PEDA-NOCV for Spin Unrestricted Calculations¶
This tutorial will teach you how to:
perform an Periodic Energy Decomposition Analysis (PEDA) combined with the natural orbitals for chemical valency (NOCV) method (pEDA-NOCV) for extended and/or molecular systems with BAND, where the bond is described by open-shell, spin unrestricted fragments
where to look for the results
Step 1: Start AMSinput¶
Start AMSinput in a clean directory.
Step 2: Set up the system - Ethane¶
An easy and non-timeconsuming test system is the C-C bond analysis in an ethane molecule. Here, two methyl radicals with opposite spin-polarization do interact to form the shared electron C-C bond. Hence, the fragments and the PEDA-NOCV calculation have to be carried out as unrestricted DFT calculations.
You can copy-paste the following geometry information into the GUI directly.
C 1.54081631 0.00000000 0.00000000 H 1.90061013 0.71448558 0.72714386 H 1.90061011 -0.98692880 0.25534173 H 1.90084793 0.27238885 -0.98228957 C 0.00000000 0.00000000 0.00000000 H -0.35953041 -0.27213306 0.98136715 H -0.36080772 0.98640196 -0.25411759 H -0.36080775 -0.71466441 -0.72582318
Step 3: Running the PEDA-NOCV calculation¶
Step 3a: Setting up the fragments¶
To run the PEDA and PEDA-NOCV you have to define fragments. Therefore switch to Regions menu.

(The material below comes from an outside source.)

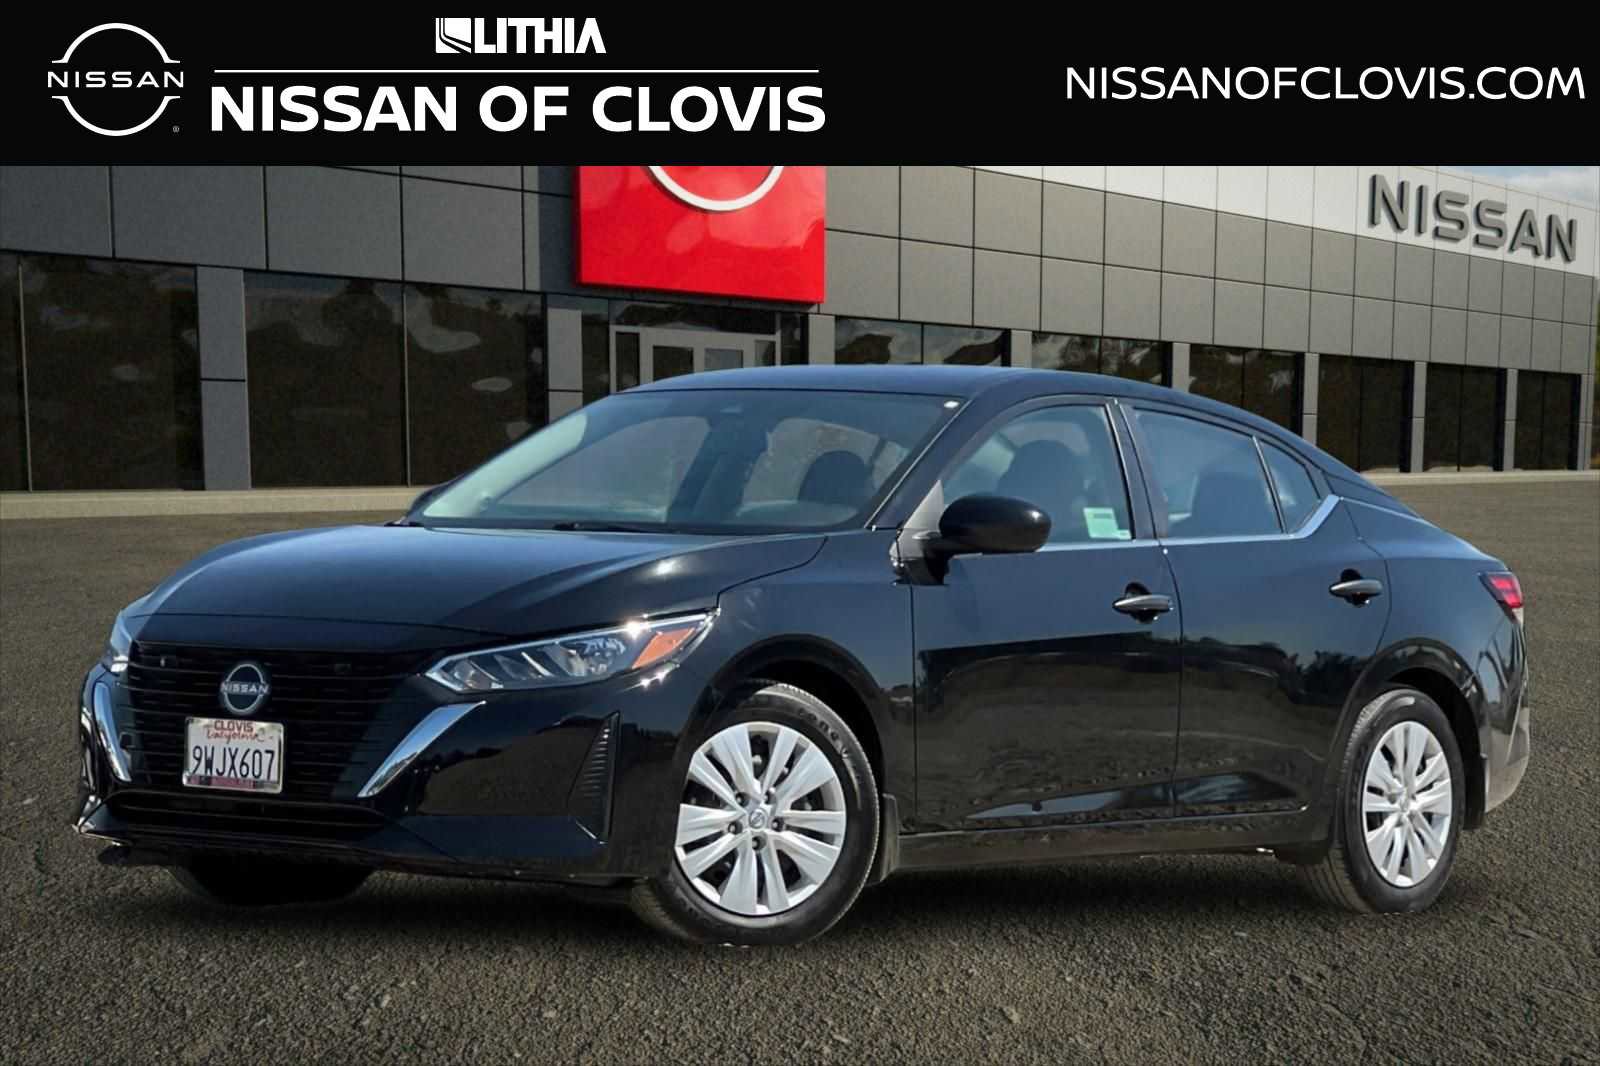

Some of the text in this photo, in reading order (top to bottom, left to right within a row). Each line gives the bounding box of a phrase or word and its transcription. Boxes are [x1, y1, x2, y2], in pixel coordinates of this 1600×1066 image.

Select one methyl fragment and add a new region by clicking on the ‘+’ button (or Ctrl+G).
Then select the other methyl fragment and add a new region by clicking on the ‘+’ button (or Ctrl+G).
You may want to rename “Region_1” to “H3C_A” and “Region_2” to “H3C_B”. (optional)
Step 3b: Details for the calculation¶
Go to the Main menu,
and change the calculation setup (XC functional, basis set, frozen core, numerical quality and unrestricted calculation) according to the following picture.
Step 3c: Enabling the PEDA-NOCV¶
Go to the Fragments menu,
Furthermore, enable the PEDA-NOCV calculation as follows:
Step 3d: Save and run the calculation¶
Now you can save and run the calculation.
Step 4: Checking the results¶
After the calculations of the fragments and the PEDA-NOCV finished you can look for the PEDA results. Therefore, open the “Output” using the SCM dropdown menu.
You can jump to the ‘PEDA Energy Terms’ via the corresponding button in the ‘Properties’ dropdown menu.
In addition to these energy terms the summed preparation energies of the fragments and the (negative) bond dissociation energy are usually given. Therefore you have to calculate the energy difference between the electronically and structurally relaxed fragments (which can be accessed by a geometry optimization of the separated fragments) and the promoted fragments (which are already calculated and used for the PEDA). Adding this energy differences, which are equal to the preparation energy, to the interaction energy will give you the negative bond dissociation energy.
You can jump to the ‘PEDA-NOCV Energy Terms’ via the corresponding button in the ‘Properties’ dropdown menu.
Step 5: Plotting NOCV orbitals and deformation densities¶
You can visualize the charge NOCV deformation densities which describe the charge flow between the fragments. Therefore, open the “View” using the SCM dropdown menu.
You can now add an isosurface with phase via the dropdown menu ‘Add’, or via ‘Ctrl+B’.
Step 5a: Plotting NOCV deformation densities¶
To get an overview of the NOCV deformation densities click on ‘Select Field …’ and then on ‘NOCV deformation densities’. The following window should appear.
You can see that there are NOCV deformation densities for electron spin A and B. You can visualize the first NOCV deformation density of spin A. (Be aware of the small isovalue of 0.001 in the following picture!)
You see the transfer of charge density from red to blue lobes from one methylradical (with spin A excess) to the other (with spin B excess). The first NOCV deformation density for spin B is giving the same picture but the other way around. So, transfer of charge density from the methylradical with spin B excess to the methylradical with spin A excess.